● **What you should do**
Print each line below verbatim, skipping every picture.
☆ ☆ ☆ ☆
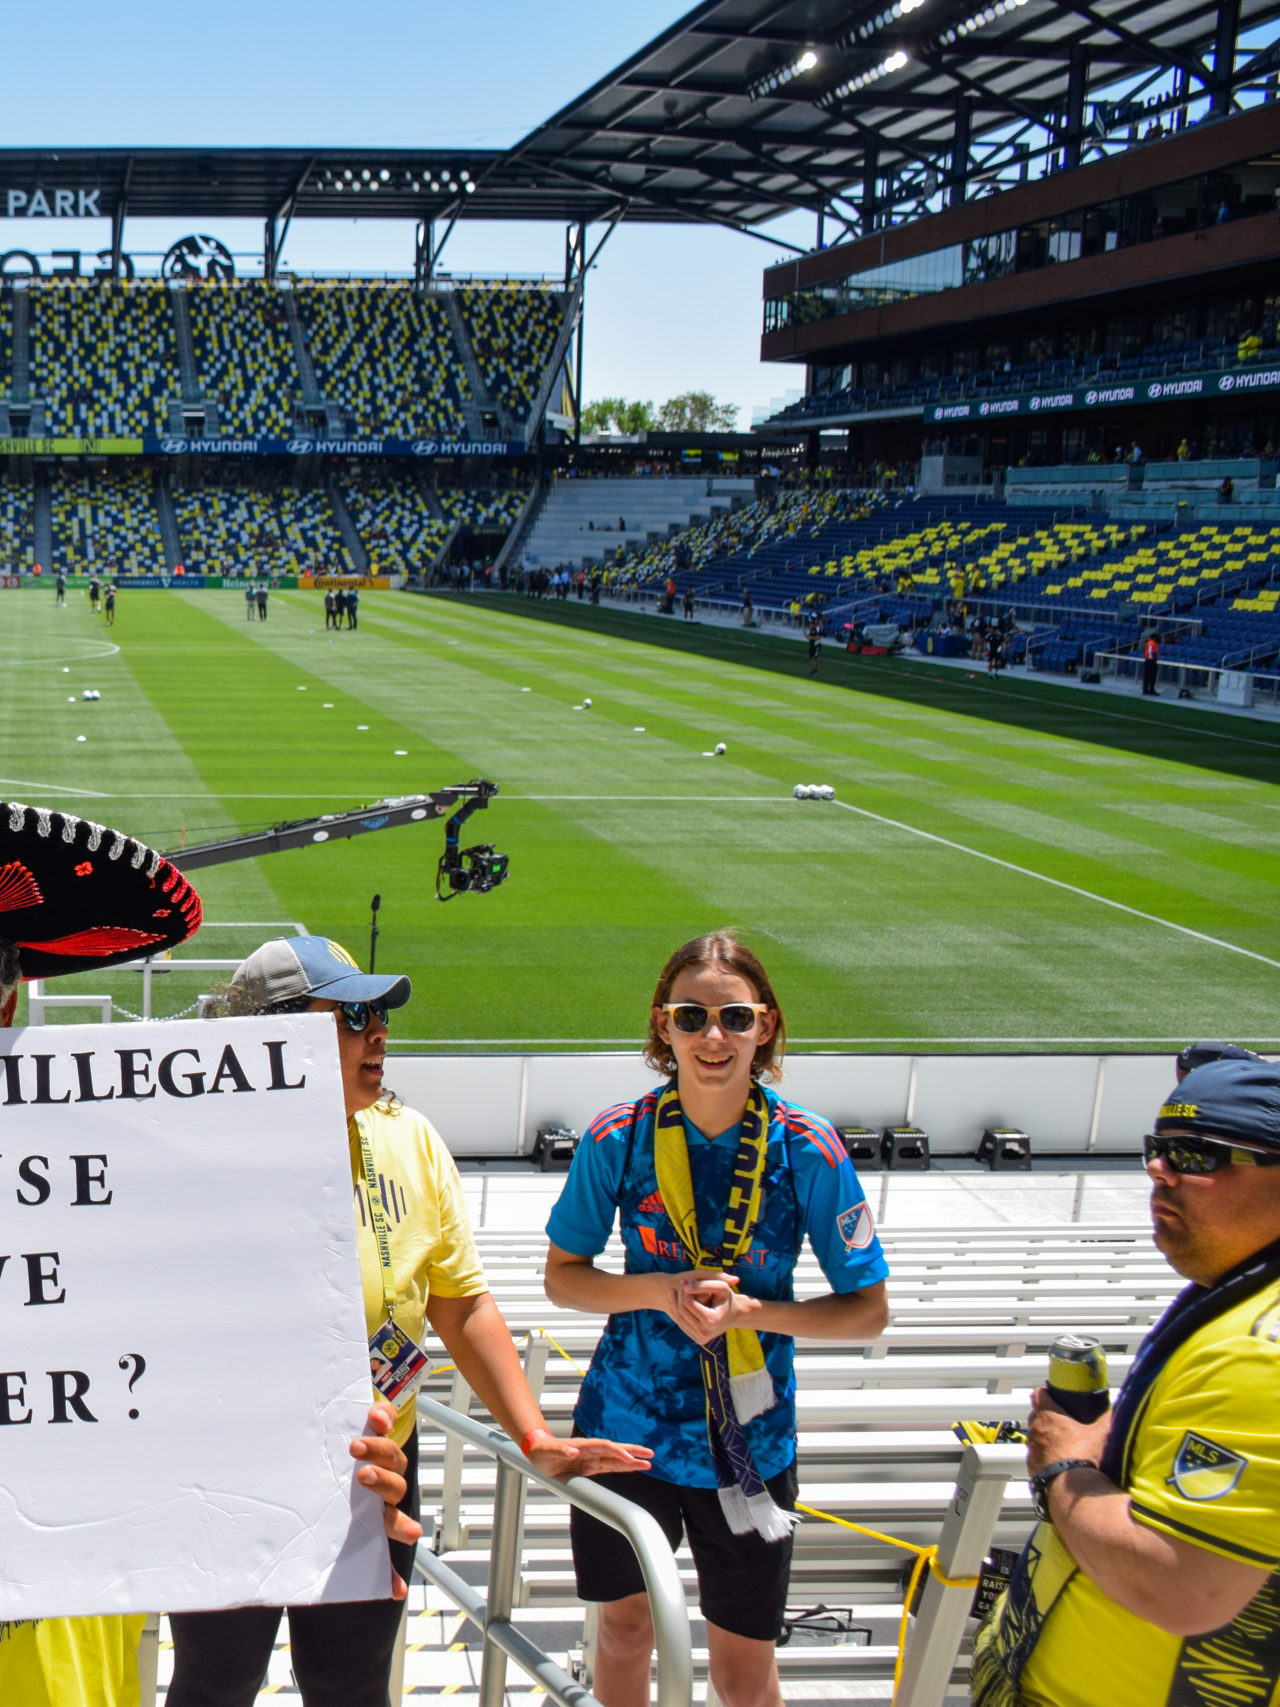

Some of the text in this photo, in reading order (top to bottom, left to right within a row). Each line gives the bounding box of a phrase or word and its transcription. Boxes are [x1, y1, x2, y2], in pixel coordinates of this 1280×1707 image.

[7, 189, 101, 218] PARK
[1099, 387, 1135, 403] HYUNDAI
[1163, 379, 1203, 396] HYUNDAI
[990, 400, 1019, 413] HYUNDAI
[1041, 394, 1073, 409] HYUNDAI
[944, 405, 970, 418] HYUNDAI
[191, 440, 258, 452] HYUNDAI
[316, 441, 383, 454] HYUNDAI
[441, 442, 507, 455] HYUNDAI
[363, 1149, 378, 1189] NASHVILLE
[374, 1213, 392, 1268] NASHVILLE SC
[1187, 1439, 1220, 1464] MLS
☆ ☆ ☆ ☆
● **Answer section**
Some of the text in this photo, in reading order (top to bottom, left to right within a row). Each line gives the bounding box of a phrase or word and its transcription. Boxes are [x1, y1, x2, y2], in pixel coordinates of this 1280×1707 image.

[7, 189, 101, 218] PARK
[1099, 387, 1135, 403] HYUNDAI
[1163, 379, 1203, 396] HYUNDAI
[990, 400, 1019, 413] HYUNDAI
[1041, 394, 1073, 409] HYUNDAI
[944, 405, 970, 418] HYUNDAI
[191, 440, 258, 452] HYUNDAI
[316, 441, 383, 454] HYUNDAI
[441, 442, 507, 455] HYUNDAI
[363, 1149, 378, 1189] NASHVILLE
[374, 1213, 392, 1268] NASHVILLE SC
[1187, 1439, 1220, 1464] MLS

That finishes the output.